Angela Tsai


2024

pdf
CloudSheep System for WMT24 Discourse-Level Literary Translation
Lisa Liu | Ryan Liu | Angela Tsai | Jingbo Shang
Proceedings of the Ninth Conference on Machine Translation

This paper describes the CloudSheep translation system for WMT24 Discourse-Level Literary Translation shared task. We participated in the Chinese-English direction on the unconstrained track. Our approach to the task used a pipeline of different tools in order to maximize the translation accuracy and flow of the text by combining the strengths of each tool. In particular, our focus was to translate names consistently and idioms correctly. To achieve consistent names throughout a text, a custom name dictionary was generated for each text, containing person and place names, along with their translations.

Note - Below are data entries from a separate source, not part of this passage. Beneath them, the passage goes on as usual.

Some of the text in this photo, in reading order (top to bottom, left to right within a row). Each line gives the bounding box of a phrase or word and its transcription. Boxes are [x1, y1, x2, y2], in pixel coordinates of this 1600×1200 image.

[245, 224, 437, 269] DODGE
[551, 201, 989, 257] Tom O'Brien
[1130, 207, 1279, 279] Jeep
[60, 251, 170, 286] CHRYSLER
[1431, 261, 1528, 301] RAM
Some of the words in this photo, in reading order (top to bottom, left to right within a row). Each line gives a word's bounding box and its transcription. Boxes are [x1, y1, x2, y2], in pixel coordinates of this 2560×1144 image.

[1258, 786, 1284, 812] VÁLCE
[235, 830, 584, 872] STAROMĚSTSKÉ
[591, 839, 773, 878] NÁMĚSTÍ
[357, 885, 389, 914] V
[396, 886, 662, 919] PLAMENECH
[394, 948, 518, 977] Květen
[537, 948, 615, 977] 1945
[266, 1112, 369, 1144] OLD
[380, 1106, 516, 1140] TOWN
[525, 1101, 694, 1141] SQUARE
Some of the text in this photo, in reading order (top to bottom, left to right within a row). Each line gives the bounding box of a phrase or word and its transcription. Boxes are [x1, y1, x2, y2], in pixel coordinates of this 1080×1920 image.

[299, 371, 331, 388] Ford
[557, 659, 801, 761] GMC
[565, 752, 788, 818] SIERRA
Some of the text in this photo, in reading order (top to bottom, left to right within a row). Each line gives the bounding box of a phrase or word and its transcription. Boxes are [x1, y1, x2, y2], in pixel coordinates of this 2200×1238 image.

A common honorific dictionary was applied for consistency with titles, especially in historical or cultivation novels. The names were found and translated with GPT 3.5-turbo. To achieve accurate and concise translations of idioms, which are often translated literally and verbosely, we integrated the CC-CEDICT library to provide official definitions. Then, we used GPT-4 to pick the best dictionary definition that fit the context and rephrase it to fit grammatically within a sentence. For the translation of non-name and non-idiom terms, we used Google Translate. We compared our approach’s performance with Google Translate as a baseline using BLEU, chrF, and COMET, as well as A/B testing.